Figure 2. Comparisons of regional network measures. Group differences of (A) clustering coefficient, (B) efficiency, (C) local efficiency, (D) degree centrality, and (E) betweenness centrality between any two groups (PD-pRBD vs. NC, PD-npRBD vs. NC, and PD-pRBD vs. PD-npRBD).The red (blue) nodes in three panels, respectively, indicated increased (decreased) regional network measures in PD-pRBD (vs. NC), PD-npRBD (vs. NC), and PD-pRBD (vs. PD-npRBD). The results were visualized using the BrainNet Viewer (Beijing Normal University, http://www.nitrc.org/projects/bnv/). NC, normal controls; PD-npRBD, PD patients without probable rapid eye movement sleep behavior disorder; PD-pRBD, PD patients with probable rapid eye movement sleep behavior disorder.
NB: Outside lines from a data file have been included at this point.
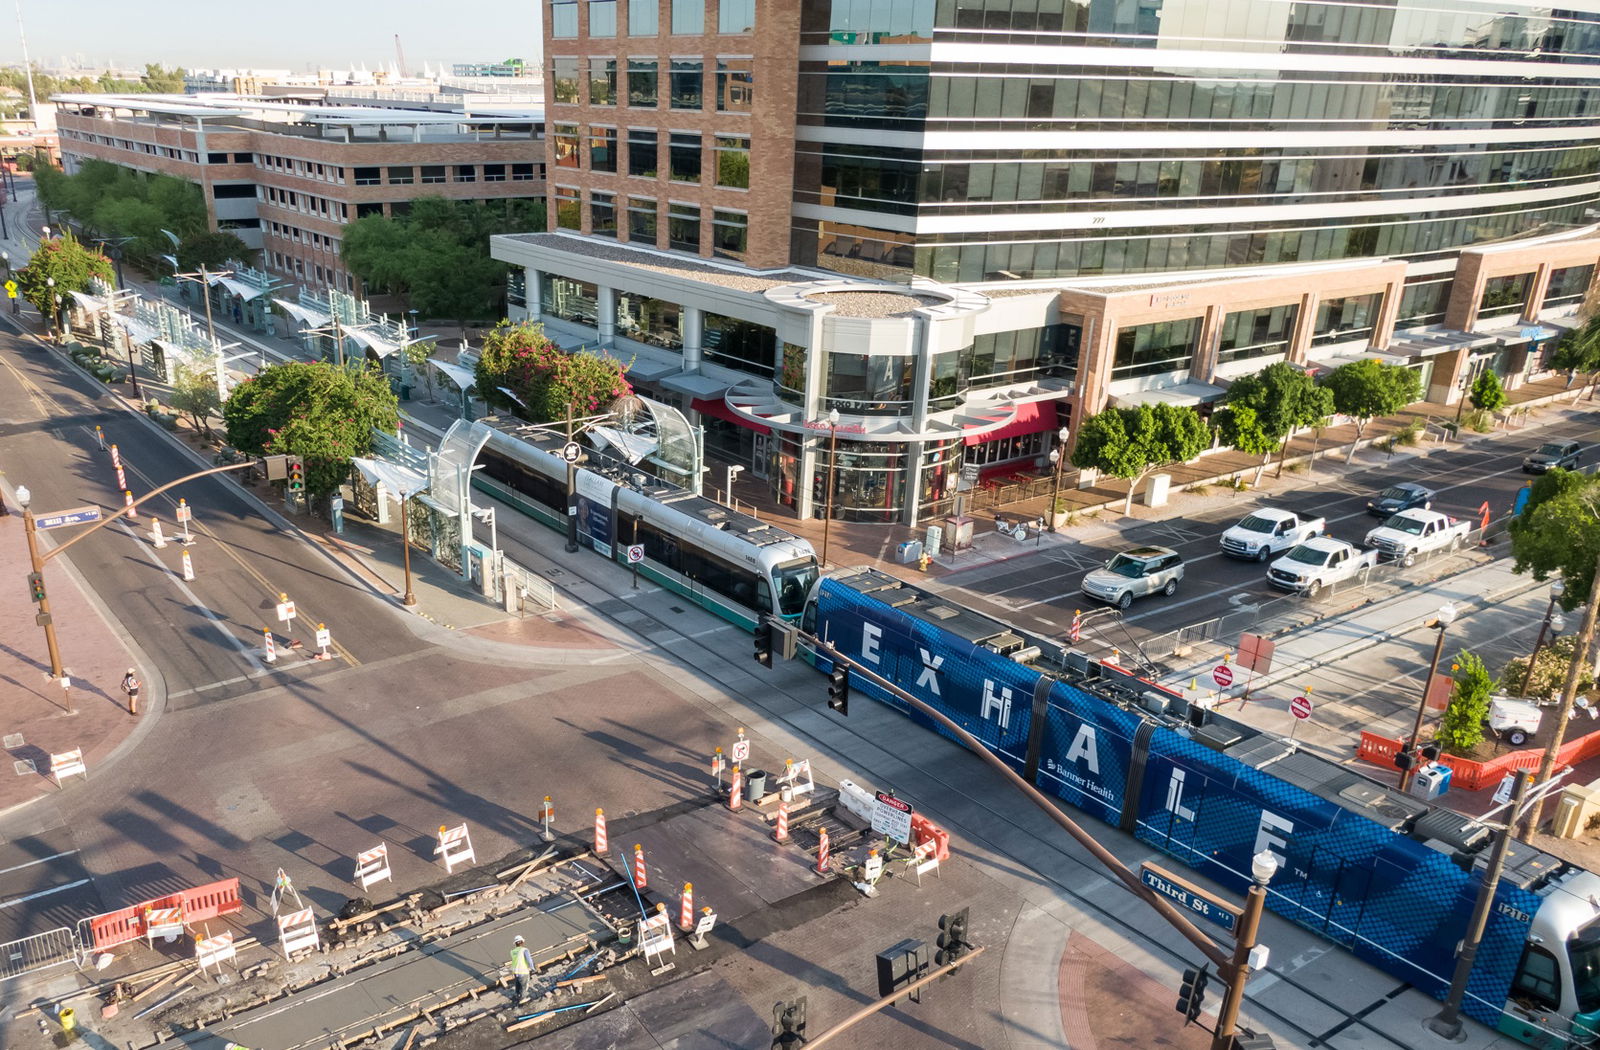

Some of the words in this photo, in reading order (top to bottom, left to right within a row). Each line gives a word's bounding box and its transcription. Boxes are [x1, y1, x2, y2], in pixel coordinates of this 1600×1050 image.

[1056, 764, 1086, 786] Banner
[1086, 779, 1115, 801] Health
[882, 795, 905, 809] DANGER
[1148, 874, 1187, 903] Third
[1192, 898, 1209, 914] St
[1500, 903, 1529, 922] 121B
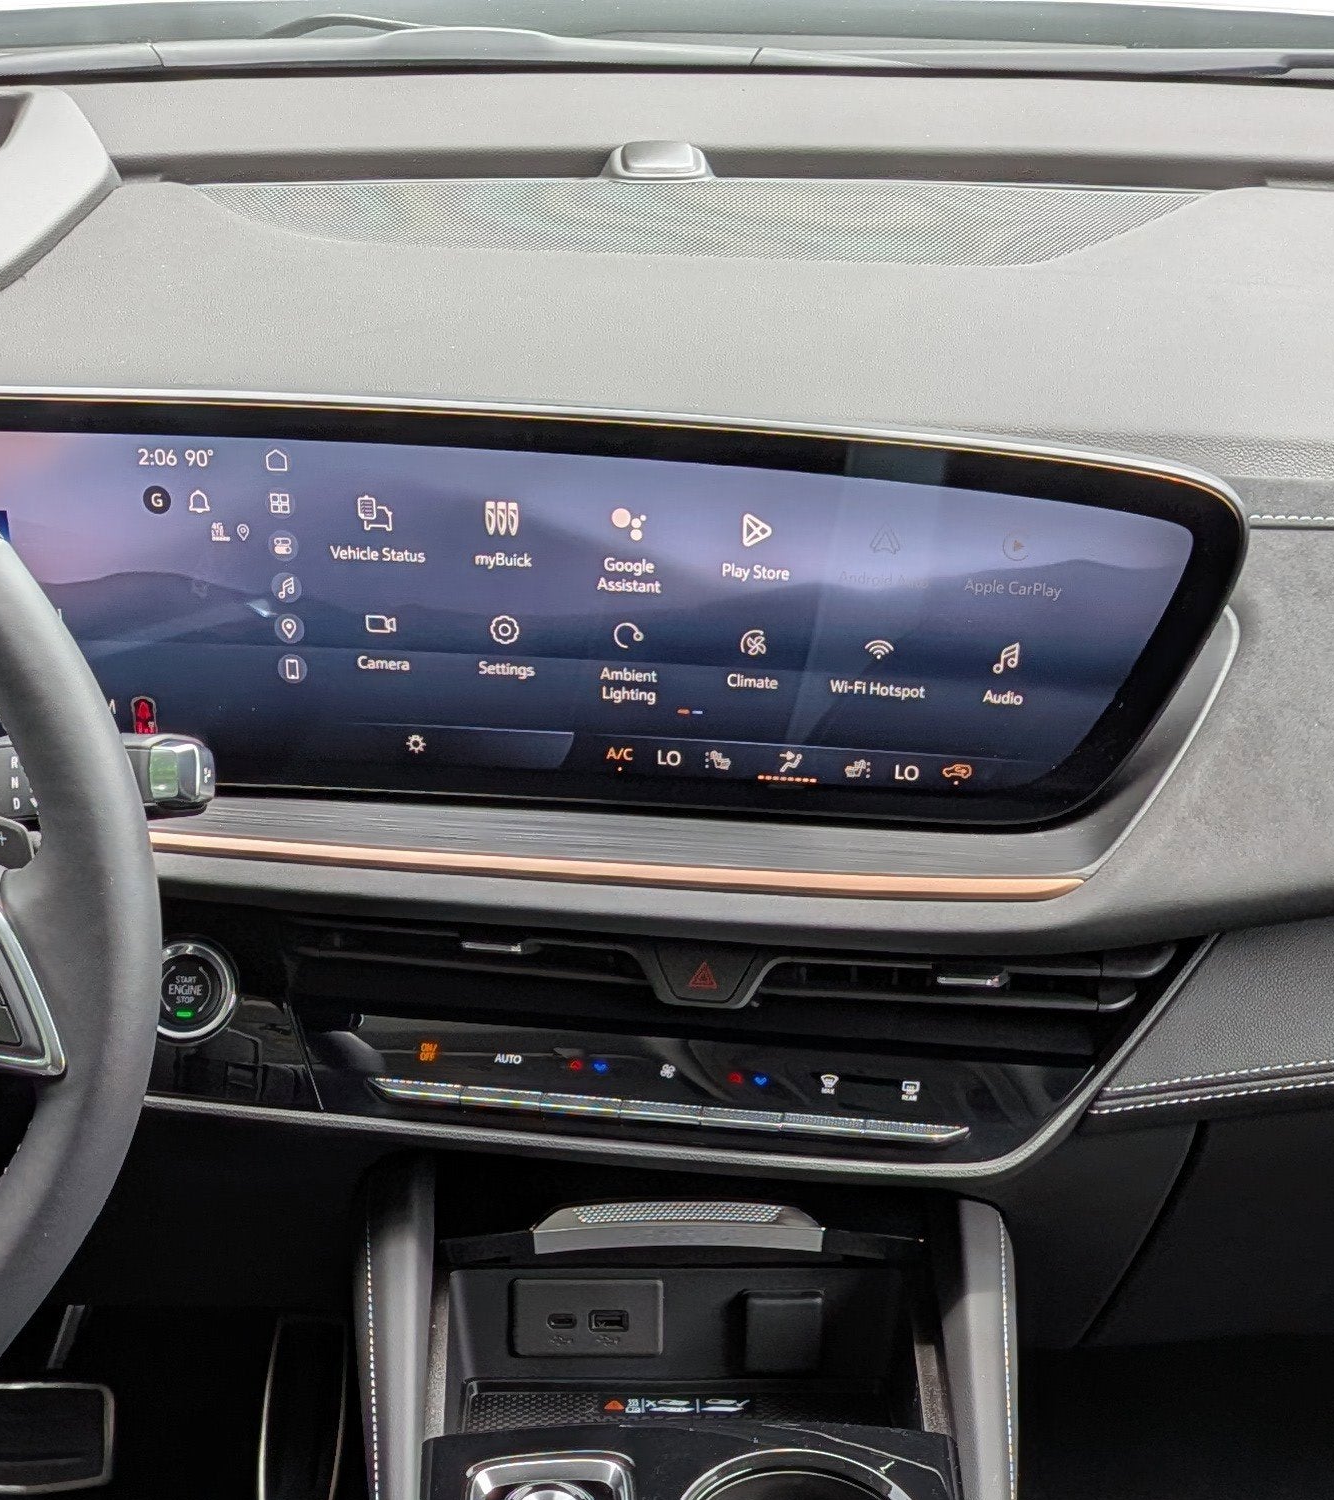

Also, when compared with NC, PD-pRBD had wider regions with decreased nodal measures than PD-npRBD. PD-pRBD showed decreased nodal clustering coefficient in frontal lobe (right middle frontal gyrus, p = 0.007) and parietal lobe (right superior parietal gyrus, p = 0.003), decreased nodal efficiency in occipital lobe (left inferior occipital gyrus, p = 0.008), decreased nodal local efficiency in parietal lobe (right superior parietal gyrus, p = 0.006), decreased nodal degree centrality in occipital lobe (bilateral inferior occipital gyrus, p = 0.003, p = 0.006). PD-npRBD showed decreased nodal clustering coefficient and local efficiency in right middle frontal gyrus (p = 0.001, p = 0.006) (Figure 2).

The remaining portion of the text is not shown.